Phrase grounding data

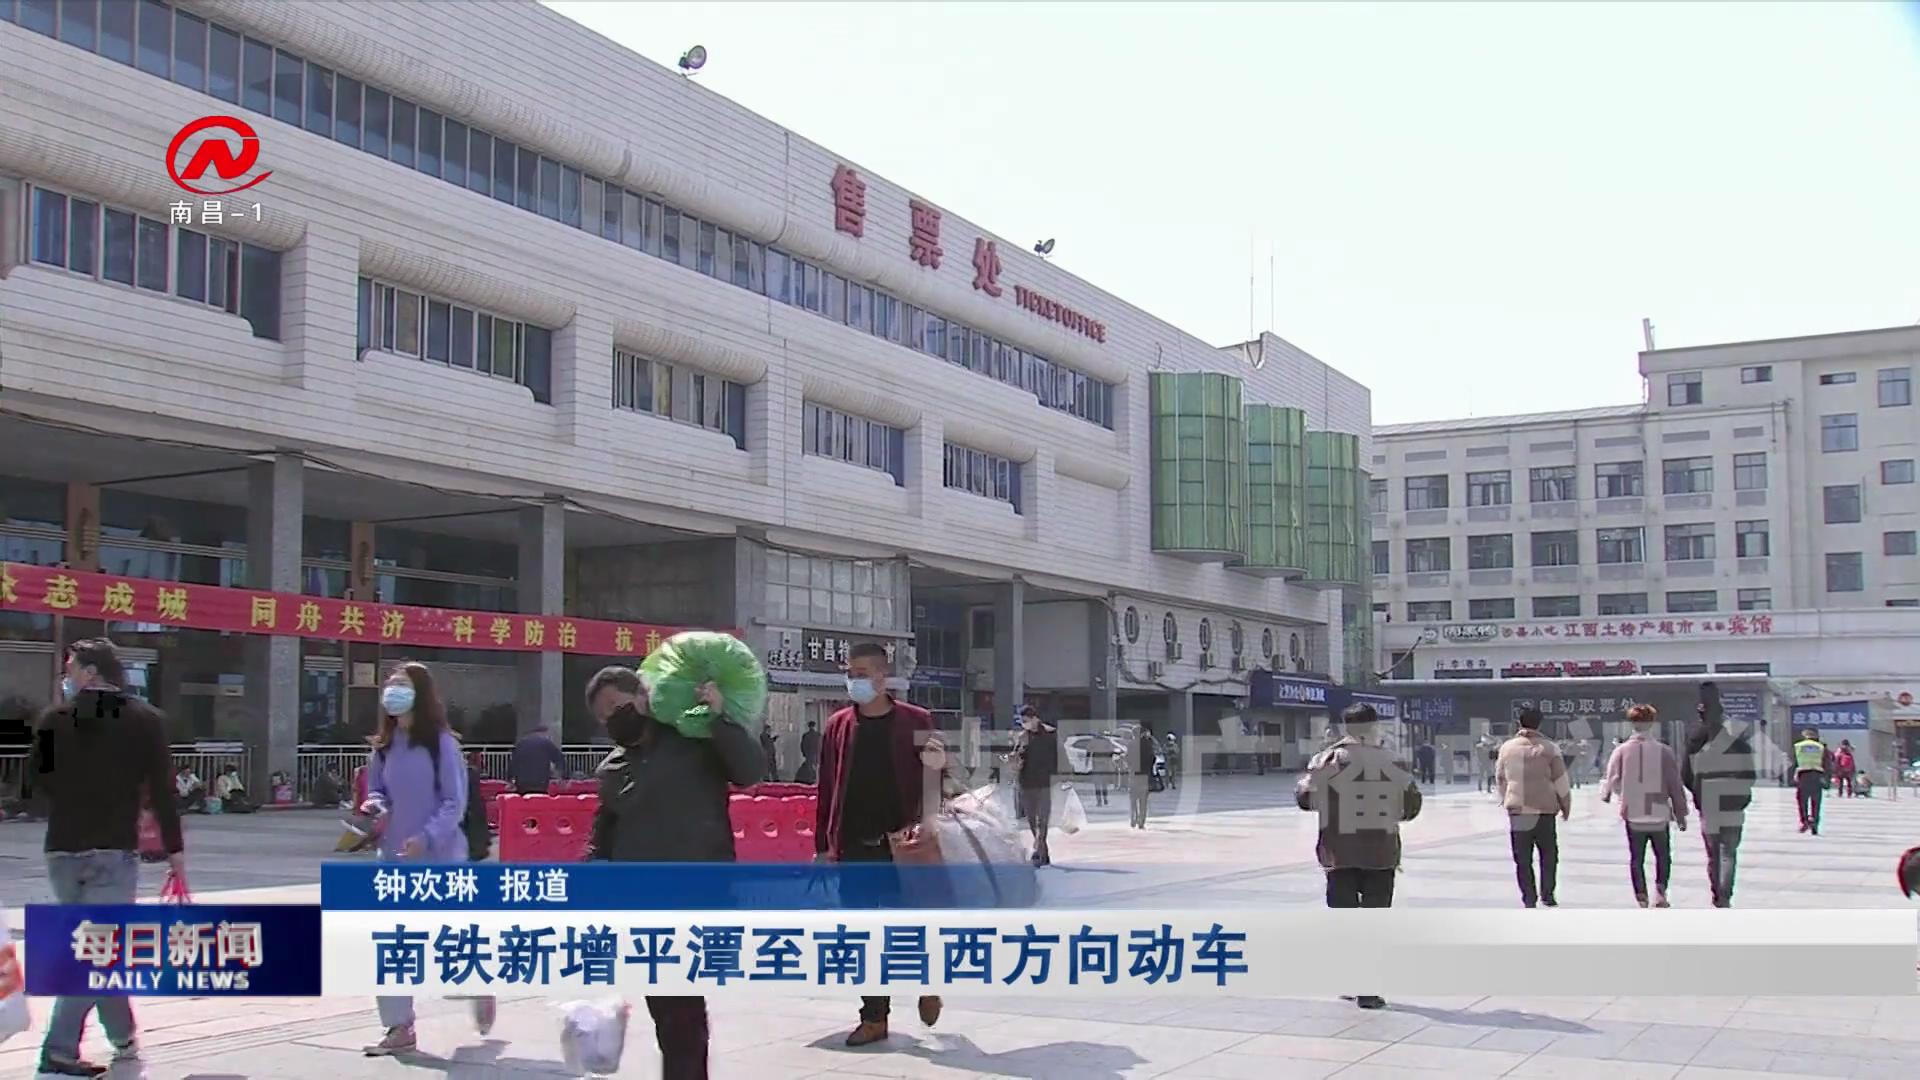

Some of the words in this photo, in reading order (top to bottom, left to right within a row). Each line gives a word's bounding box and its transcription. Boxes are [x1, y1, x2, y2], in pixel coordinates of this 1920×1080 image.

[830, 164, 1003, 297] 售票处
[251, 596, 405, 639] 同舟共济
[453, 616, 576, 648] 科学防治
[1564, 619, 1695, 637] 江西土特产超市
[1728, 615, 1773, 635] 宾馆
[1540, 698, 1638, 713] 自动取票处
[1793, 711, 1866, 725] 应急取票处

DESCRIPTION OF THE TASK » All that is needed is an exact copy of the entries above, minus the pictures.

RESPONSE AREA »
Some of the words in this photo, in reading order (top to bottom, left to right within a row). Each line gives a word's bounding box and its transcription. Boxes are [x1, y1, x2, y2], in pixel coordinates of this 1920×1080 image.

[830, 164, 1003, 297] 售票处
[251, 596, 405, 639] 同舟共济
[453, 616, 576, 648] 科学防治
[1564, 619, 1695, 637] 江西土特产超市
[1728, 615, 1773, 635] 宾馆
[1540, 698, 1638, 713] 自动取票处
[1793, 711, 1866, 725] 应急取票处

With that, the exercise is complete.